Al hombre le gusta mucho correr. Maratones, sobre todo. También le gusta robar bancos. Más que gustos parecen adicciones, o esas cosas que uno hace porque no puede hacer otra cosa. Robar y correr se anudan y retroalimentan en imparable compulsión, como si escapar continuamente fuera lo único que le permite al hombre confirmar que tiene sangre en las venas. Así es Johann Retennberger, el protagonista de esta película inspirada en una historia real que cobró notoriedad en Austria durante los años 80, la típica extravagancia verídica que el cine no puede dejar pasar, menos cuando el personaje central invita a la propulsión incesante.
El realizador Benjamin Heisenberg sabe por dónde rumbear: el cine-elástico, el relato clínicamente controlado, las formas metódicas que limitan emotividades para responder sólo a la mecánica corporal del personaje, a su exterioridad. Cada pulsación de Johann debe salirse de su piel, debe objetivarse y medirse en cronómetros, en las curvas montañosas de un análisis cardíaco. Eludiendo los alardes acrobáticos, la cámara elige el compás elocuente, respeta la justa distancia con el protagonista y así consigue algunos travellings soberbios al mostrar sus carreras, como la secuencia en la cual éste atraviesa diversos escenarios a velocidad de gacela, titilando en el paisaje, perdiéndose como una pincelada en plena hipnosis impresionista. Estos paréntesis gozosos justifican por sí mismos la visión de The Robber (Der Räuber, que se estrena en Argentina con el título Sin escape), pues no hacen más que recuperar la fascinación primitiva de la imagen en movimiento, la efervescencia plástica en estado puro, más allá de cualquier marco argumental.

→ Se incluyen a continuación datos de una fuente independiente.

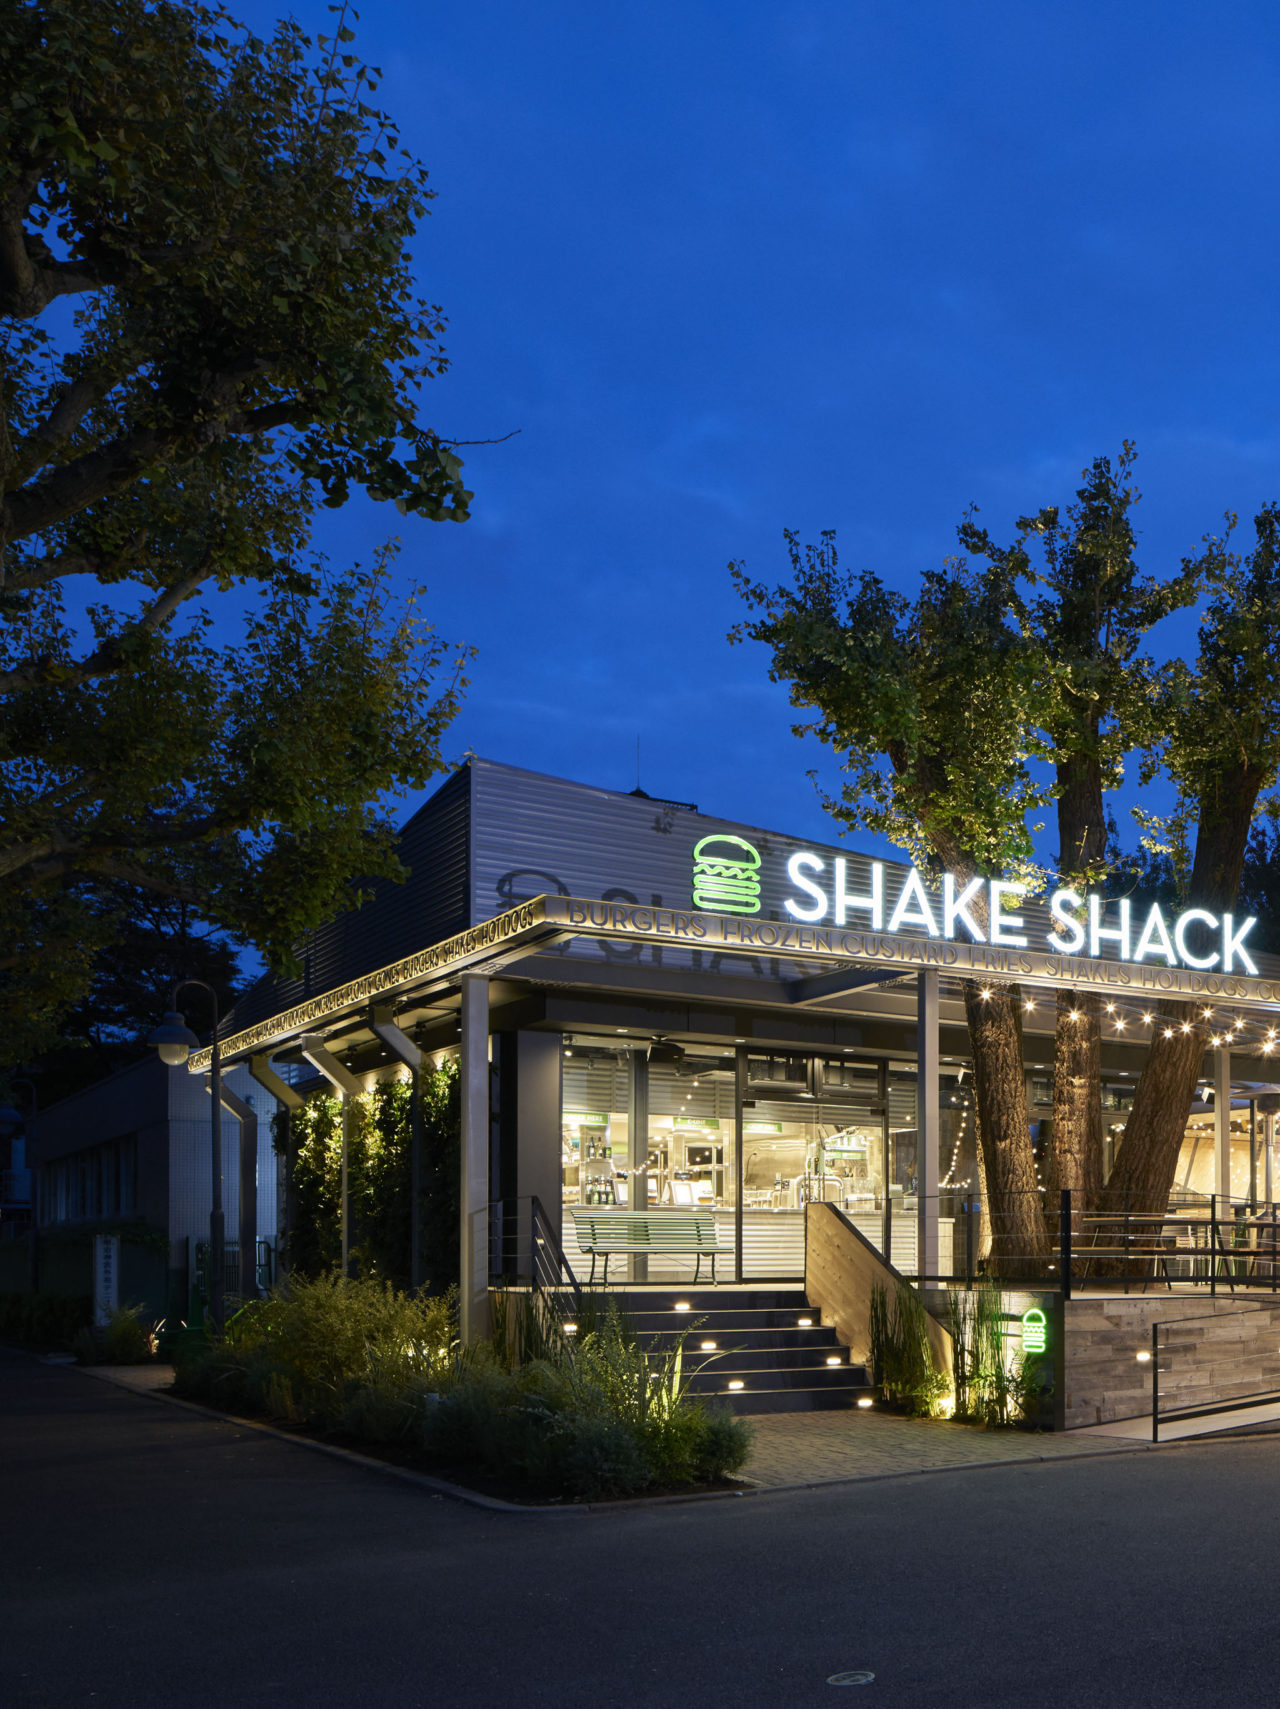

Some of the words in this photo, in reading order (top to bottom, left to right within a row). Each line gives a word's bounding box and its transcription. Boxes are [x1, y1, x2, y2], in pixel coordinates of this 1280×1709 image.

En el centro del film, sin embargo, hay un ser que no puede resultarnos indiferente. Para seguir su aventura no es imprescindible comprender su psicología o su pasado ni sintonizar moralmente con su accionar, aunque sí es necesario para el espectador conectar de alguna manera con su mundo actual, con sus expectativas inmediatas, por más estrambóticas que éstas sean. Y esa conexión se torna ardua. The Robber quiere evitar la exaltación del “significado latente” y por eso se concentra en la sensualidad de la superficie, pero con este conductismo glacial el film paulatinamente nos aleja del latido esencial, humano.
La primera vez que vi la película, en el Bafici del año pasado, me pareció demasiado escuálida a nivel dramático, sensación que se repite en una segunda visión, así como se hacen evidentes los hallazgos visuales antes mencionados. Hay una escena que puede ilustrar cierta lógica maquinal que ahoga la narración: al terminar su segunda maratón, Johann cruza la meta y se derrumba totalmente extenuado (a diferencia del primer triunfo, celebrado con sonrisas). En esos instantes, por fin, el personaje deja su traje robótico para dar paso al sufrimiento, a la debilidad. Corte de montaje y el hombre ya está recuperado, trofeo en mano, buscando el próximo arrebato de adrenalina. El relato no se permite respirar y entre una situación y la siguiente uno se pierde la posibilidad de ver otra cara, otros matices del personaje en su relación con la meta, la deseada frontera por la cual él decide entregarlo todo. En una entrevista, citando al autor de la novela original sobre el famoso ladrón atleta, el director de The Robber señaló: “Martin Prinz había dicho desde el principio: el libro y también la película, tratan de la llegada”. Aunque esta declaración indique que a Heisenberg le interesaba esta idea de la meta (¿existencial?), el film no profundiza en el símbolo y sólo propone la llegada más previsible, la que todos esperamos. Una película extraña, con un personaje vitalista en apariencia pero demasiado cerebral y cerrado como para movilizar en serio a quienes estamos de este lado de la pantalla. La clase de película que quema todas sus fibras en el camino para concluir sin misterio y con un rostro absolutamente pálido.